Pima County Emails Show I-11 $15 Million Dollar Fraud

Avra Valley looking west from the Gould Mine in the Tucson Mountains toward Kitt Peak in the distance.

In December, 2014, the Arizona State Transportation Board (STB) approved $15 million for a Tier One Environmental Impact Study (EIS) to develop routes for a new Interstate 11 from Wickenburg to Nogales.  They then suspended a number of just-approved road projects to free up funds for the EIS.  There were a series of public and private meetings through June, 2016, for “scoping” prior to determining a variety of alternate routes and selecting the “preferred alternative.”  That three year study is a waste of taxpayers’ money because the favored Tucson-area route has already been decided by the powers-that-be.
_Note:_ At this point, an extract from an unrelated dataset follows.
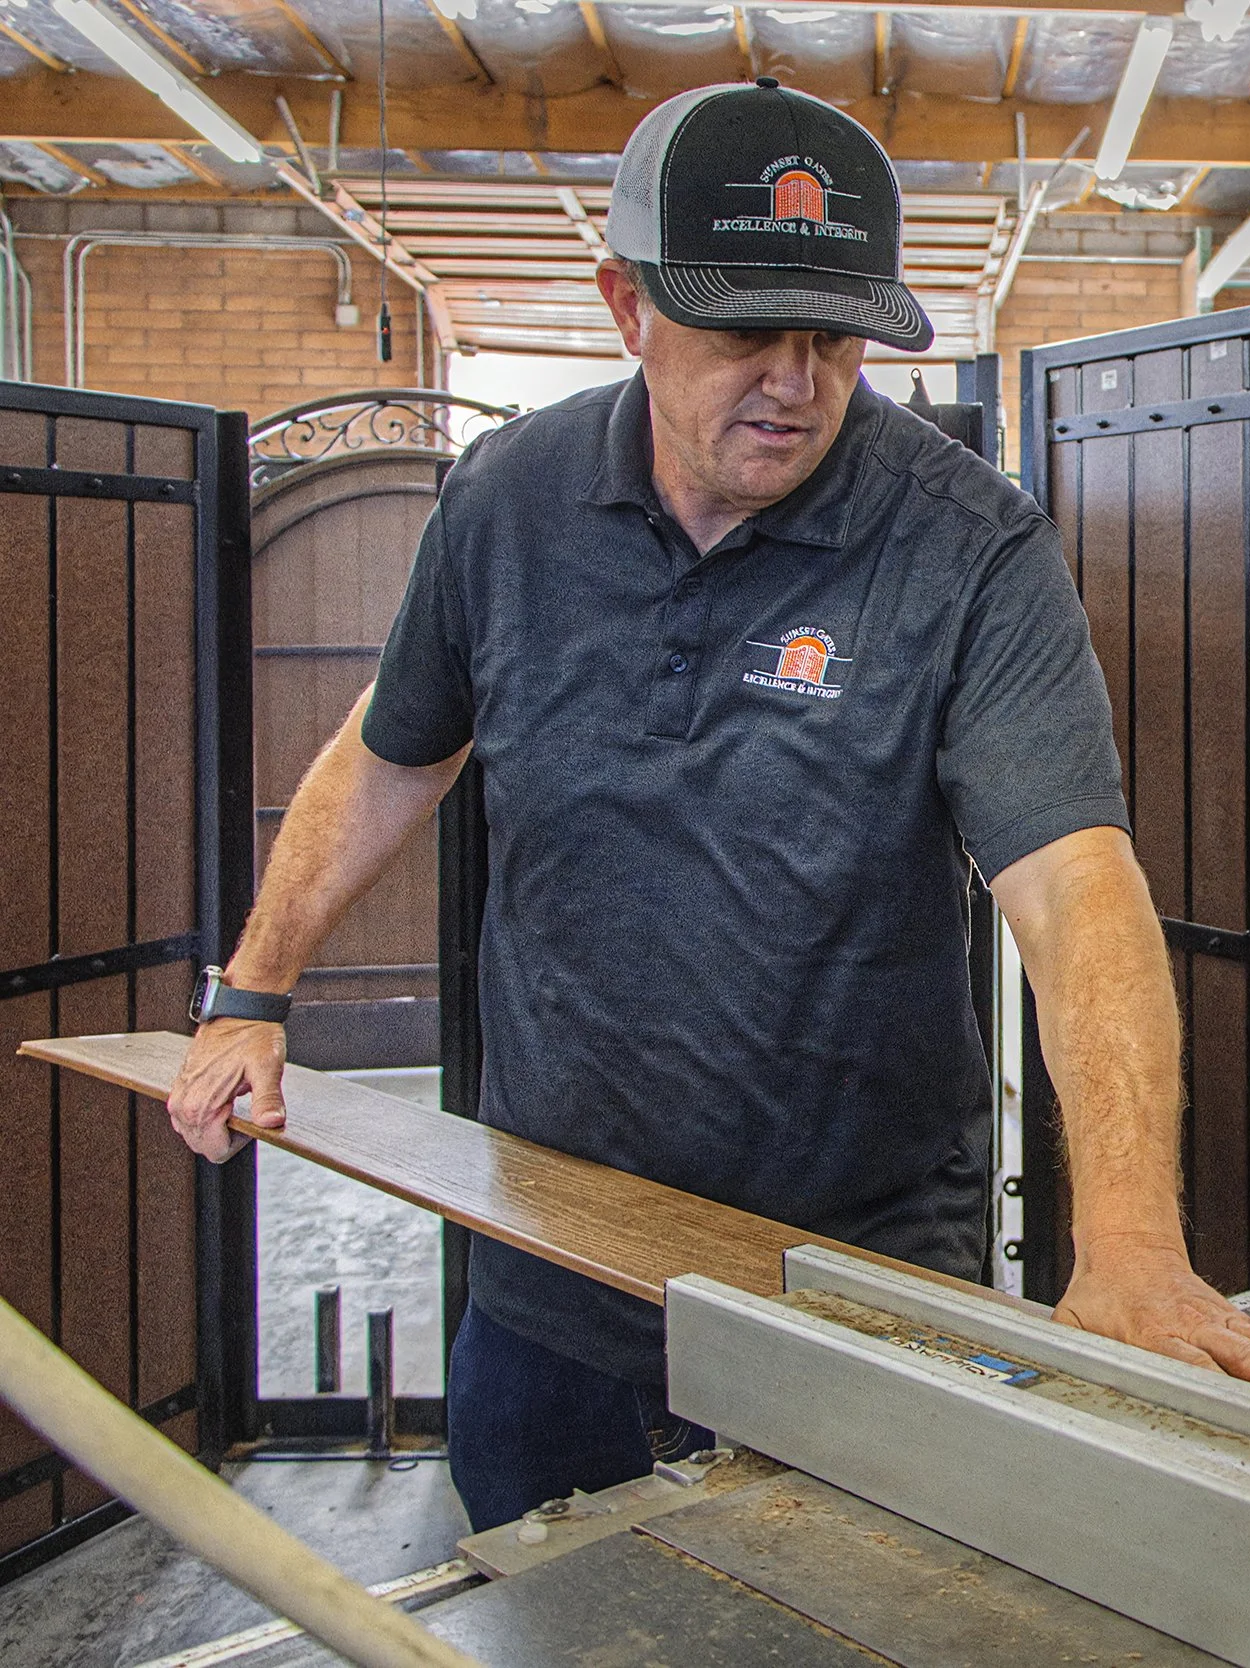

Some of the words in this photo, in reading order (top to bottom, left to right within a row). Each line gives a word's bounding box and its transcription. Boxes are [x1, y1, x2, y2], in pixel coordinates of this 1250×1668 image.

[760, 155, 800, 183] SUNSET
[713, 219, 796, 234] EXCELLENCE
[800, 222, 810, 236] &
But county emails obtained by the Arizona Daily Independent.com through a public information request show that the I-11 promoters are worried about growing opposition, especially from residents of the Avra Valley who are directly threatened by the new highway.

On March 26, 2014, then-STB Chair, and now candidate for Pima County Supervisor, Steve Christy wrote to county staff and others:

“The greatest risk of conducting (a study being considered) is that it will prematurely and unnecessarily stir up all the anti-highway builders, especially in Avra Valley who will get stirred up enough anyway once the EIS is underway giving them more time and reason to activate and hone their skills….”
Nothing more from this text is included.